- **What is expected**: What is needed is a word-for-word restatement of all the entries.

━━ Data in this exercise ━━

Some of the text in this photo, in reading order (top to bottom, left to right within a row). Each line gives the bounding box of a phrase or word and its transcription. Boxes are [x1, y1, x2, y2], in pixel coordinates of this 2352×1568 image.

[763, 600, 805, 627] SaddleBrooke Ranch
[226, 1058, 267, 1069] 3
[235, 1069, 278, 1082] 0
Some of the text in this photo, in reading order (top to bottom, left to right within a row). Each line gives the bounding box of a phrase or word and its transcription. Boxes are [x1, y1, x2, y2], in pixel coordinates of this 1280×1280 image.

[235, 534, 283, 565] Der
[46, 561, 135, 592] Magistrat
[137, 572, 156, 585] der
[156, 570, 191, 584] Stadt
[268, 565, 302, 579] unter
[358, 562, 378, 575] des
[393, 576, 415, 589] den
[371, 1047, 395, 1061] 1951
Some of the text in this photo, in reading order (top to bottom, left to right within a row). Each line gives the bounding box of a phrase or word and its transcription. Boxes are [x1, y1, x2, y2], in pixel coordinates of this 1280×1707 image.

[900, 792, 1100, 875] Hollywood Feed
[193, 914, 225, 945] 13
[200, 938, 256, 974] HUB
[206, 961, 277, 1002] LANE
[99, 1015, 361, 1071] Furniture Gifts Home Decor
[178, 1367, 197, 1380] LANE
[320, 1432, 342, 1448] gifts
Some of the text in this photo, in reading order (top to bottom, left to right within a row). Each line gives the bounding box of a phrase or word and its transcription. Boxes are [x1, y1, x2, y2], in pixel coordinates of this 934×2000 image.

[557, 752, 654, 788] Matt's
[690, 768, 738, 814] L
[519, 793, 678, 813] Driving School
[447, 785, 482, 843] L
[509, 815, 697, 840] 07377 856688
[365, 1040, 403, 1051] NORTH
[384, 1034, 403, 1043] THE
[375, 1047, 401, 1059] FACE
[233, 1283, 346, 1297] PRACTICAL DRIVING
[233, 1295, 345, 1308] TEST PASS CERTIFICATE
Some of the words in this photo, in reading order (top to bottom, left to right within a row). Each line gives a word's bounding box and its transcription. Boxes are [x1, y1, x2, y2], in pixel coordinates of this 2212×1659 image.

━━━

- **Response**:
Some of the text in this photo, in reading order (top to bottom, left to right within a row). Each line gives the bounding box of a phrase or word and its transcription. Boxes are [x1, y1, x2, y2], in pixel coordinates of this 2352×1568 image.

[763, 600, 805, 627] SaddleBrooke Ranch
[226, 1058, 267, 1069] 3
[235, 1069, 278, 1082] 0
Some of the text in this photo, in reading order (top to bottom, left to right within a row). Each line gives the bounding box of a phrase or word and its transcription. Boxes are [x1, y1, x2, y2], in pixel coordinates of this 1280×1280 image.

[235, 534, 283, 565] Der
[46, 561, 135, 592] Magistrat
[137, 572, 156, 585] der
[156, 570, 191, 584] Stadt
[268, 565, 302, 579] unter
[358, 562, 378, 575] des
[393, 576, 415, 589] den
[371, 1047, 395, 1061] 1951
Some of the text in this photo, in reading order (top to bottom, left to right within a row). Each line gives the bounding box of a phrase or word and its transcription. Boxes are [x1, y1, x2, y2], in pixel coordinates of this 1280×1707 image.

[900, 792, 1100, 875] Hollywood Feed
[193, 914, 225, 945] 13
[200, 938, 256, 974] HUB
[206, 961, 277, 1002] LANE
[99, 1015, 361, 1071] Furniture Gifts Home Decor
[178, 1367, 197, 1380] LANE
[320, 1432, 342, 1448] gifts
Some of the text in this photo, in reading order (top to bottom, left to right within a row). Each line gives the bounding box of a phrase or word and its transcription. Boxes are [x1, y1, x2, y2], in pixel coordinates of this 934×2000 image.

[557, 752, 654, 788] Matt's
[690, 768, 738, 814] L
[519, 793, 678, 813] Driving School
[447, 785, 482, 843] L
[509, 815, 697, 840] 07377 856688
[365, 1040, 403, 1051] NORTH
[384, 1034, 403, 1043] THE
[375, 1047, 401, 1059] FACE
[233, 1283, 346, 1297] PRACTICAL DRIVING
[233, 1295, 345, 1308] TEST PASS CERTIFICATE
Some of the words in this photo, in reading order (top to bottom, left to right within a row). Each line gives a word's bounding box and its transcription. Boxes are [x1, y1, x2, y2], in pixel coordinates of this 2212×1659 image.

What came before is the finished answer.